*Exercise details:*
Please set down the records below exactly as they appear.

(Source data begins)

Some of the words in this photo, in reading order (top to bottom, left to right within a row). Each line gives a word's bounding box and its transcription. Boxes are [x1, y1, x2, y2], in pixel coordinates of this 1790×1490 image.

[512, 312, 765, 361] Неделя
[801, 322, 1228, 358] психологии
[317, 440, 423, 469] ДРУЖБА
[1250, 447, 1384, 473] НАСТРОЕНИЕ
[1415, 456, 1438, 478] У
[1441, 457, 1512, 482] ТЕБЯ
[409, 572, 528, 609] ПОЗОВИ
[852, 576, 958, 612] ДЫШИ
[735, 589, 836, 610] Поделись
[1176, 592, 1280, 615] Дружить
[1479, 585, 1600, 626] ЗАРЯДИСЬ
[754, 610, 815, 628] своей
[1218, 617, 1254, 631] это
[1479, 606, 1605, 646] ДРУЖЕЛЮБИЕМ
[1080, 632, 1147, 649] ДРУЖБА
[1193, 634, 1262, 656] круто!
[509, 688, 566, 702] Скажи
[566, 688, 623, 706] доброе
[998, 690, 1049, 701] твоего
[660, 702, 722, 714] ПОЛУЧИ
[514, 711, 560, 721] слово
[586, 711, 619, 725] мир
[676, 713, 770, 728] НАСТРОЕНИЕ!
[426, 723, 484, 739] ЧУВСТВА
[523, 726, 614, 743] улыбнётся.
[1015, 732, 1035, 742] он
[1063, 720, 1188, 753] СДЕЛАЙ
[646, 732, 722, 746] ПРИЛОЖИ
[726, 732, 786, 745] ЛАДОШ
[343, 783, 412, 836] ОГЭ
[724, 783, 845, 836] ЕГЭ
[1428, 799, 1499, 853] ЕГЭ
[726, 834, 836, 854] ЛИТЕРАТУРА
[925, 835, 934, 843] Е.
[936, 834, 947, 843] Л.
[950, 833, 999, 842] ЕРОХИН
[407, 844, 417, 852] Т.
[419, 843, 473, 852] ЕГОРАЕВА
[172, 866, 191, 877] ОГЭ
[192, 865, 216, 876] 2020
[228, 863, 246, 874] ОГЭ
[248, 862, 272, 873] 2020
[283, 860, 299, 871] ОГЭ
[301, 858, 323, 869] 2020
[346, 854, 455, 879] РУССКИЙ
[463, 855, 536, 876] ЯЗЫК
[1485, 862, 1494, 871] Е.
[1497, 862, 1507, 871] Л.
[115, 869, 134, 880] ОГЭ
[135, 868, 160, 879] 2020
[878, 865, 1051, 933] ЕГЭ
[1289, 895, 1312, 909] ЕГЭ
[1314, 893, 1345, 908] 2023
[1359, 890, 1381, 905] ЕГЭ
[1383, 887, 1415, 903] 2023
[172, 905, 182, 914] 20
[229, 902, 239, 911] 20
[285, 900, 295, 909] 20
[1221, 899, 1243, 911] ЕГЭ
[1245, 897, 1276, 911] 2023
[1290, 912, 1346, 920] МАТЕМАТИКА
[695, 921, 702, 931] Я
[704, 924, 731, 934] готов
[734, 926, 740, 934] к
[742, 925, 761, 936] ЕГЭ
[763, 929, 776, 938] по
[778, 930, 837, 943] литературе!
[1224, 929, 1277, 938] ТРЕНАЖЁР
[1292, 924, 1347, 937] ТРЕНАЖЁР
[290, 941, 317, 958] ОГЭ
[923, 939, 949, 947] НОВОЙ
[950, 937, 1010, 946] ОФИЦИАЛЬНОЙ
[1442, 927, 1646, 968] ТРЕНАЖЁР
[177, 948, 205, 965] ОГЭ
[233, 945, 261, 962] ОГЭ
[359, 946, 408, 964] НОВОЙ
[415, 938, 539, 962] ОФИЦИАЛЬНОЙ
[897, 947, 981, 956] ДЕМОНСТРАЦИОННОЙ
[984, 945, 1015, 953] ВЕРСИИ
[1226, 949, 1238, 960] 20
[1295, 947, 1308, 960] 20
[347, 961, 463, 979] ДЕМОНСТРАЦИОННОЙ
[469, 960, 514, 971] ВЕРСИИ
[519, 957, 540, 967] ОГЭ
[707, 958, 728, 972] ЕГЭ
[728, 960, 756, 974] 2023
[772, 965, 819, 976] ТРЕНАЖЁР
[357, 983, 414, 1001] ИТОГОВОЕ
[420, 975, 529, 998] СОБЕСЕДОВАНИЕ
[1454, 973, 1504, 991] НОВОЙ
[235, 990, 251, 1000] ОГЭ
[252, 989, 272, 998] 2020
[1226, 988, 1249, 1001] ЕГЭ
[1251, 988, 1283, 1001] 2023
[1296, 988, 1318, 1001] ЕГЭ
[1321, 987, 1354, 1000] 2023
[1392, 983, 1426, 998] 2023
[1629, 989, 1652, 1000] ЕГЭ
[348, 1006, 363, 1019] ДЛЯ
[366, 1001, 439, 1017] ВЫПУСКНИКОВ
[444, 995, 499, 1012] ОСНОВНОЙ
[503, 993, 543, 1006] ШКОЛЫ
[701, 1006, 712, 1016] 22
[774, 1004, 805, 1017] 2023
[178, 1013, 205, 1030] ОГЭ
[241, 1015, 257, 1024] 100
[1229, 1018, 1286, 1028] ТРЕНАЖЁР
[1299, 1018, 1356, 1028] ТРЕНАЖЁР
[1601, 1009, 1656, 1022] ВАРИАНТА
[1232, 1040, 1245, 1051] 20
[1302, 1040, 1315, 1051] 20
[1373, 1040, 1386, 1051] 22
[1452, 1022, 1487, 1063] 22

(Source data ends)

*Your response:*
Some of the words in this photo, in reading order (top to bottom, left to right within a row). Each line gives a word's bounding box and its transcription. Boxes are [x1, y1, x2, y2], in pixel coordinates of this 1790×1490 image.

[512, 312, 765, 361] Неделя
[801, 322, 1228, 358] психологии
[317, 440, 423, 469] ДРУЖБА
[1250, 447, 1384, 473] НАСТРОЕНИЕ
[1415, 456, 1438, 478] У
[1441, 457, 1512, 482] ТЕБЯ
[409, 572, 528, 609] ПОЗОВИ
[852, 576, 958, 612] ДЫШИ
[735, 589, 836, 610] Поделись
[1176, 592, 1280, 615] Дружить
[1479, 585, 1600, 626] ЗАРЯДИСЬ
[754, 610, 815, 628] своей
[1218, 617, 1254, 631] это
[1479, 606, 1605, 646] ДРУЖЕЛЮБИЕМ
[1080, 632, 1147, 649] ДРУЖБА
[1193, 634, 1262, 656] круто!
[509, 688, 566, 702] Скажи
[566, 688, 623, 706] доброе
[998, 690, 1049, 701] твоего
[660, 702, 722, 714] ПОЛУЧИ
[514, 711, 560, 721] слово
[586, 711, 619, 725] мир
[676, 713, 770, 728] НАСТРОЕНИЕ!
[426, 723, 484, 739] ЧУВСТВА
[523, 726, 614, 743] улыбнётся.
[1015, 732, 1035, 742] он
[1063, 720, 1188, 753] СДЕЛАЙ
[646, 732, 722, 746] ПРИЛОЖИ
[726, 732, 786, 745] ЛАДОШ
[343, 783, 412, 836] ОГЭ
[724, 783, 845, 836] ЕГЭ
[1428, 799, 1499, 853] ЕГЭ
[726, 834, 836, 854] ЛИТЕРАТУРА
[925, 835, 934, 843] Е.
[936, 834, 947, 843] Л.
[950, 833, 999, 842] ЕРОХИН
[407, 844, 417, 852] Т.
[419, 843, 473, 852] ЕГОРАЕВА
[172, 866, 191, 877] ОГЭ
[192, 865, 216, 876] 2020
[228, 863, 246, 874] ОГЭ
[248, 862, 272, 873] 2020
[283, 860, 299, 871] ОГЭ
[301, 858, 323, 869] 2020
[346, 854, 455, 879] РУССКИЙ
[463, 855, 536, 876] ЯЗЫК
[1485, 862, 1494, 871] Е.
[1497, 862, 1507, 871] Л.
[115, 869, 134, 880] ОГЭ
[135, 868, 160, 879] 2020
[878, 865, 1051, 933] ЕГЭ
[1289, 895, 1312, 909] ЕГЭ
[1314, 893, 1345, 908] 2023
[1359, 890, 1381, 905] ЕГЭ
[1383, 887, 1415, 903] 2023
[172, 905, 182, 914] 20
[229, 902, 239, 911] 20
[285, 900, 295, 909] 20
[1221, 899, 1243, 911] ЕГЭ
[1245, 897, 1276, 911] 2023
[1290, 912, 1346, 920] МАТЕМАТИКА
[695, 921, 702, 931] Я
[704, 924, 731, 934] готов
[734, 926, 740, 934] к
[742, 925, 761, 936] ЕГЭ
[763, 929, 776, 938] по
[778, 930, 837, 943] литературе!
[1224, 929, 1277, 938] ТРЕНАЖЁР
[1292, 924, 1347, 937] ТРЕНАЖЁР
[290, 941, 317, 958] ОГЭ
[923, 939, 949, 947] НОВОЙ
[950, 937, 1010, 946] ОФИЦИАЛЬНОЙ
[1442, 927, 1646, 968] ТРЕНАЖЁР
[177, 948, 205, 965] ОГЭ
[233, 945, 261, 962] ОГЭ
[359, 946, 408, 964] НОВОЙ
[415, 938, 539, 962] ОФИЦИАЛЬНОЙ
[897, 947, 981, 956] ДЕМОНСТРАЦИОННОЙ
[984, 945, 1015, 953] ВЕРСИИ
[1226, 949, 1238, 960] 20
[1295, 947, 1308, 960] 20
[347, 961, 463, 979] ДЕМОНСТРАЦИОННОЙ
[469, 960, 514, 971] ВЕРСИИ
[519, 957, 540, 967] ОГЭ
[707, 958, 728, 972] ЕГЭ
[728, 960, 756, 974] 2023
[772, 965, 819, 976] ТРЕНАЖЁР
[357, 983, 414, 1001] ИТОГОВОЕ
[420, 975, 529, 998] СОБЕСЕДОВАНИЕ
[1454, 973, 1504, 991] НОВОЙ
[235, 990, 251, 1000] ОГЭ
[252, 989, 272, 998] 2020
[1226, 988, 1249, 1001] ЕГЭ
[1251, 988, 1283, 1001] 2023
[1296, 988, 1318, 1001] ЕГЭ
[1321, 987, 1354, 1000] 2023
[1392, 983, 1426, 998] 2023
[1629, 989, 1652, 1000] ЕГЭ
[348, 1006, 363, 1019] ДЛЯ
[366, 1001, 439, 1017] ВЫПУСКНИКОВ
[444, 995, 499, 1012] ОСНОВНОЙ
[503, 993, 543, 1006] ШКОЛЫ
[701, 1006, 712, 1016] 22
[774, 1004, 805, 1017] 2023
[178, 1013, 205, 1030] ОГЭ
[241, 1015, 257, 1024] 100
[1229, 1018, 1286, 1028] ТРЕНАЖЁР
[1299, 1018, 1356, 1028] ТРЕНАЖЁР
[1601, 1009, 1656, 1022] ВАРИАНТА
[1232, 1040, 1245, 1051] 20
[1302, 1040, 1315, 1051] 20
[1373, 1040, 1386, 1051] 22
[1452, 1022, 1487, 1063] 22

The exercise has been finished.